Déjà, avant même d’avoir débuté le sondage, nous avons en tête deux choses :
– Les changements sont inévitables
– Les choix seront difficiles à faire, mais nécessaires pour préserver CBC/Radio-Canada.
Ces deux a priori politiques vont évidemment, à terme, orienter les réponses.
3. Formulation biaisée des questions
Le troisième élément qu’il faut souligner et qui pose problème dans « l’art » de construire un sondage est la rédaction de questions pour éviter qu’elles ne poussent les personnes sondées vers des réponses précises. Nous venons de montrer qu’il y avait un effort de présenter l’inévitabilité du changement dans l’introduction du sondage. Chacune des questions possède également une phrase introductive qui nous le rappelle constamment. Voici un exemple tiré de la consultation :
Les enfants consomment de plus en plus notre contenu télévisuel en ligne.
Q6 : En prévision de 2020, pensez-vous que nous devrions continuer d’offrir notre programmation pour enfants à la télévision traditionnelle ou en ligne seulement?
– Conserver le service de télévision traditionnel
– Transférer toute la programmation pour enfants sur Internet
Puisque les enfants consomment de plus en plus de contenu télévisuel en ligne pourquoi voudrais-je empêcher un enfant de faire ce qui lui plait ou lui convient? Pourquoi continuer à offrir un service désuet? Ainsi, la personne qui répond est poussée à choisir l’option qui propose le transfert de la programmation sur Internet.
Ce n’est pas un cas isolé. Toutes les questions du sondage possèdent ce biais afin que les répondant.e.s penchent davantage vers les nouveaux modes de diffusion des produits audiovisuels plutôt que vers les modes traditionnels.

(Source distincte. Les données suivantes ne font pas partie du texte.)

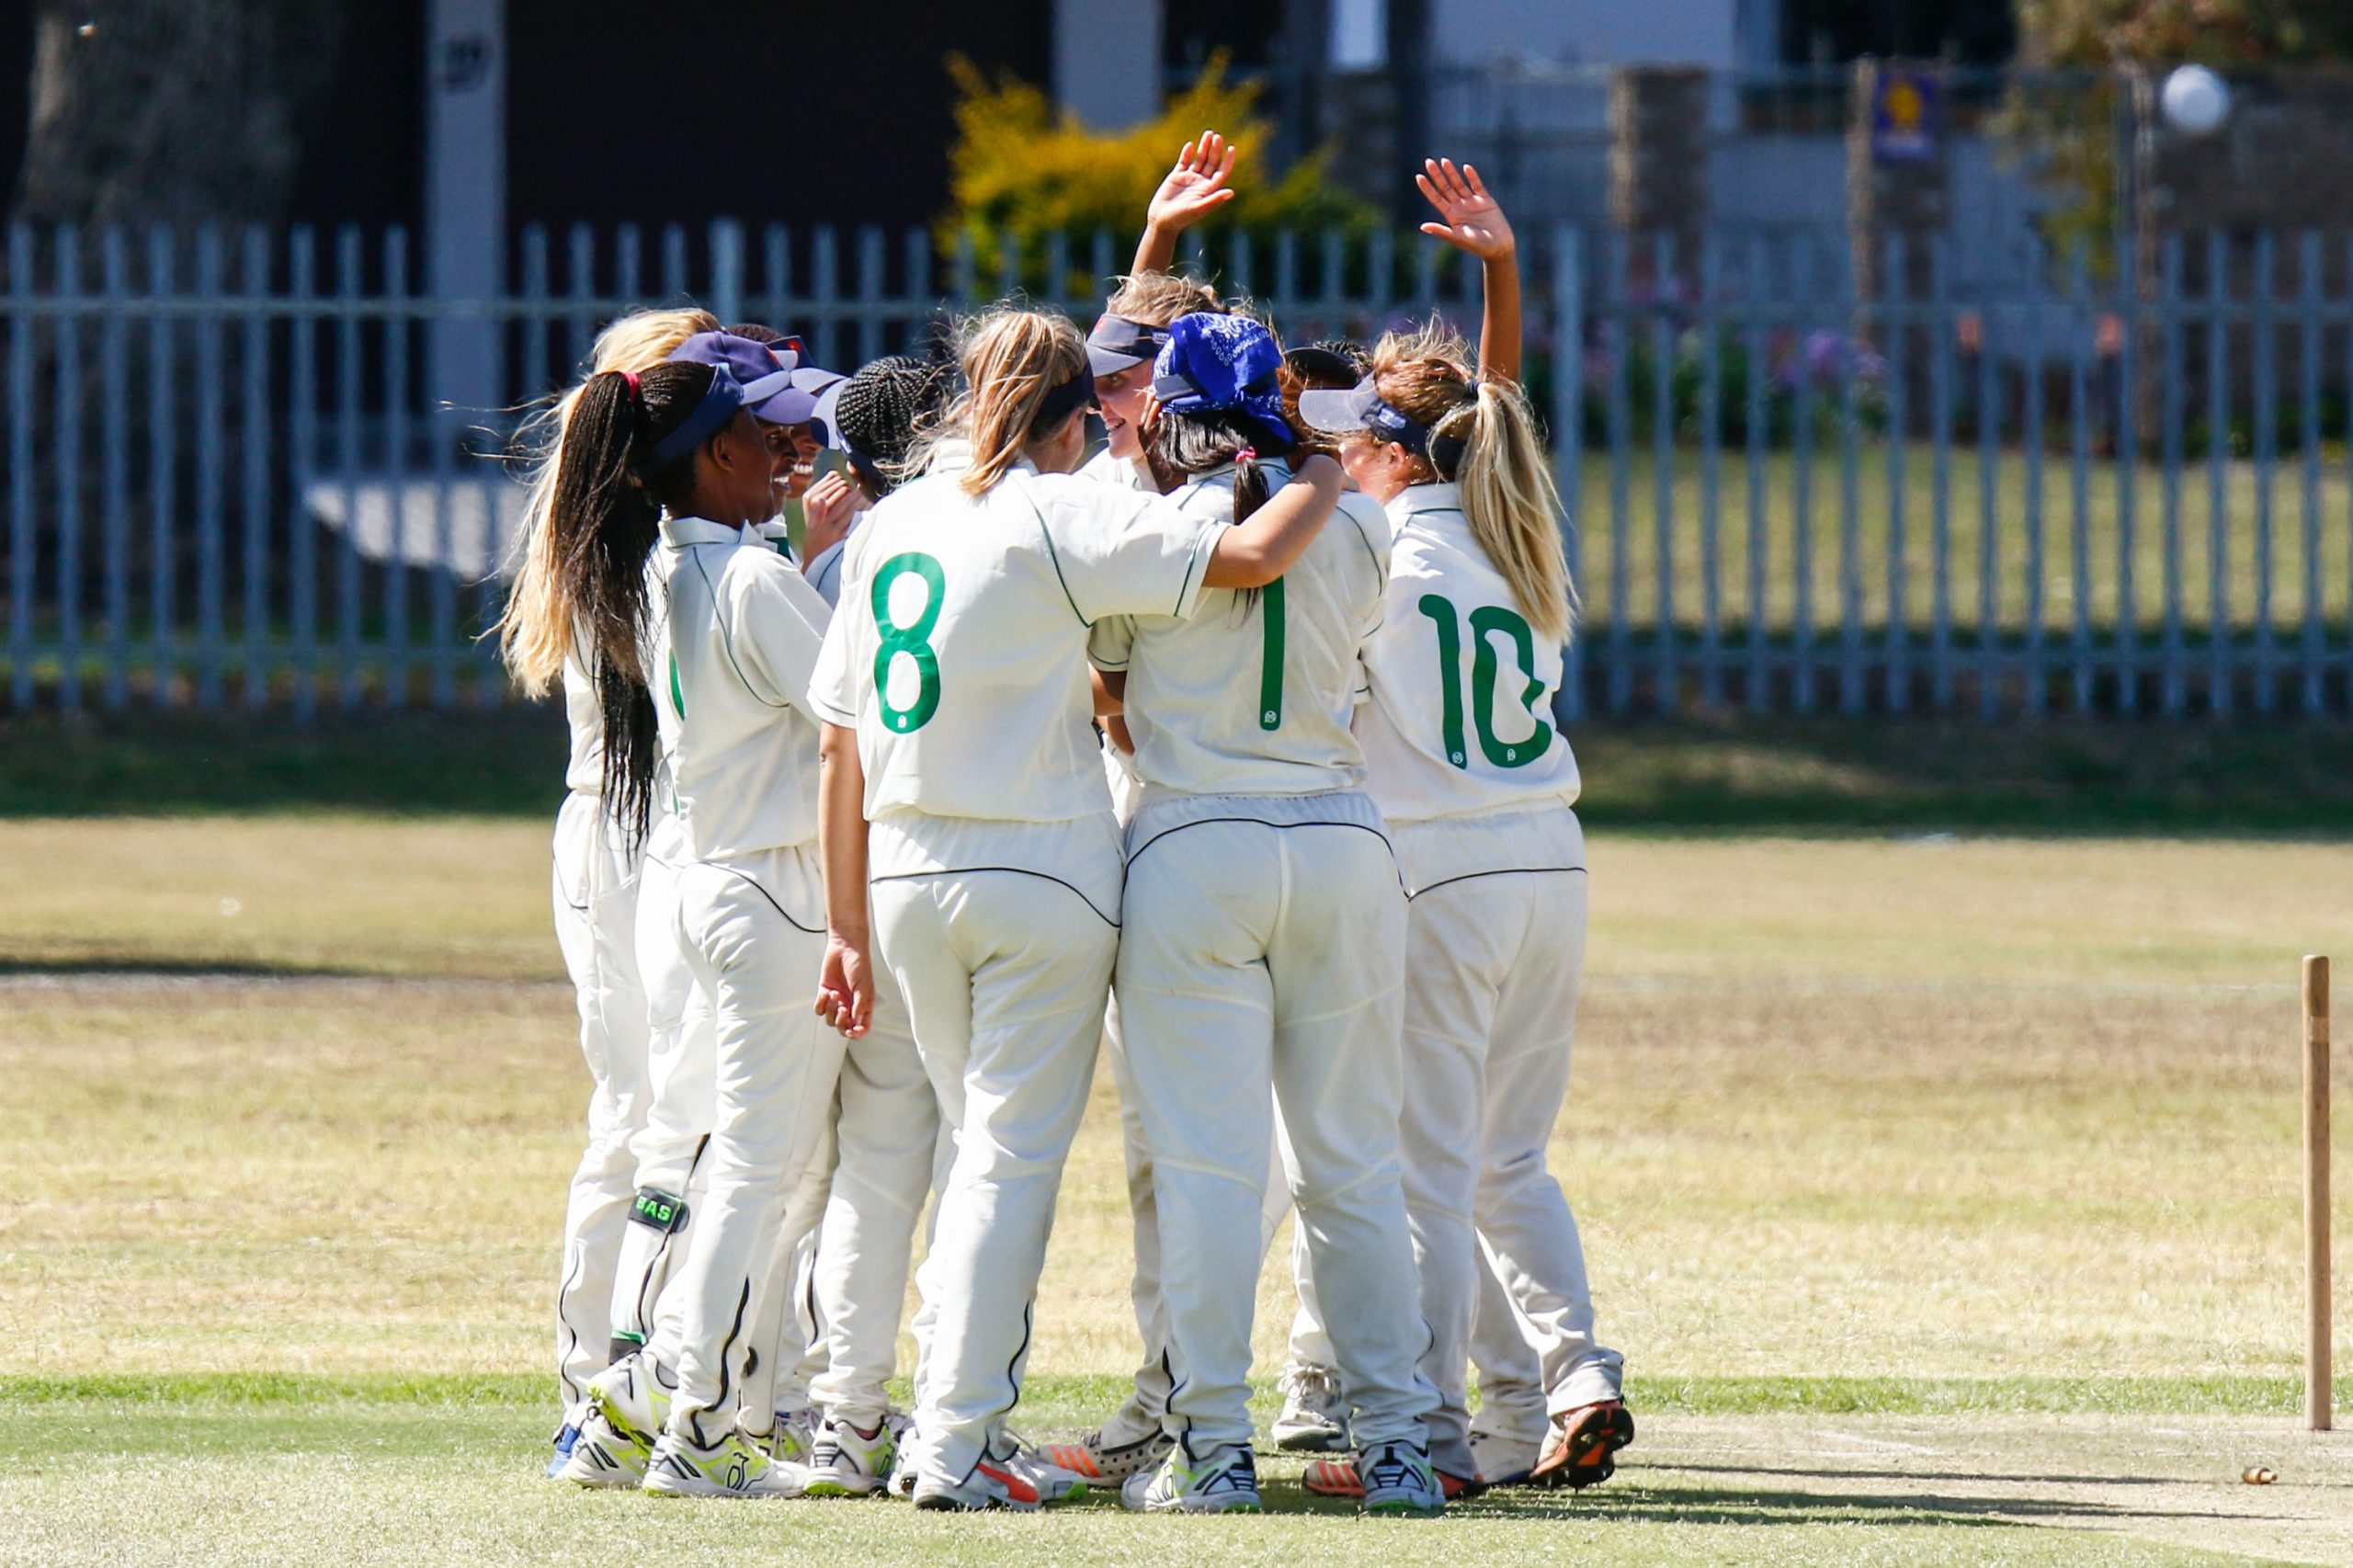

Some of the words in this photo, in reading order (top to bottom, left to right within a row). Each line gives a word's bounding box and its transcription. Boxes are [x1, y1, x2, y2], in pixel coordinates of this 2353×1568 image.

Entendons-nous, il n’est pas anormal de voir une introduction à une question dans un sondage. Toutefois, lorsqu’on utilise ce type de présentation, c’est pour offrir des informations indispensables afin de répondre à la question tout en prenant garde de ne pas orienter la réponse. À la lecture des questions, on peut affirmer qu’il sera difficile de se fier aux résultats de cette consultation pour savoir ce que pensent réellement les personnes qui y auront répondue.
De plus, si on porte une attention particulière au nombre de choix de réponses, la majorité des questions en comporte seulement deux. En logique, c’est ce que l’on appelle le dilemme du faux-choix. C’est-à-dire que l’on donne l’impression de la présence du libre arbitre pour le répondant ou la répondante, mais on ne lui donne pas le choix de réponse mitoyenne ou de non-réponse. C’est l’un au l’autre. Cette forme dichotomique de choix va presque automatiquement créer les conditions pour que la personne réponde selon l’orientation privilégiée par les concepteurs et conceptrices de l’enquête.
Au final, cette consultation louable mènera à des résultats dont on ne pourra assurer la validité. On ne saura pas combien de personnes y ont répondue, ni si ces personnes représentent la population canadienne ou si elles habitent au Canada. On ne saura pas non plus si elles répondent sincèrement ou le font après avoir été influencées par le discours politique qui précède le questionnaire. Enfin, on ne saura pas si leurs réponses ne sont pas simplement le reflet de la formulation des questions. Bref, malgré les bonnes intentions derrière ce sondage, la divulgation de ses résultats ne nous apprendra pas grand-chose de ce que la population veut faire de Radio-Canada.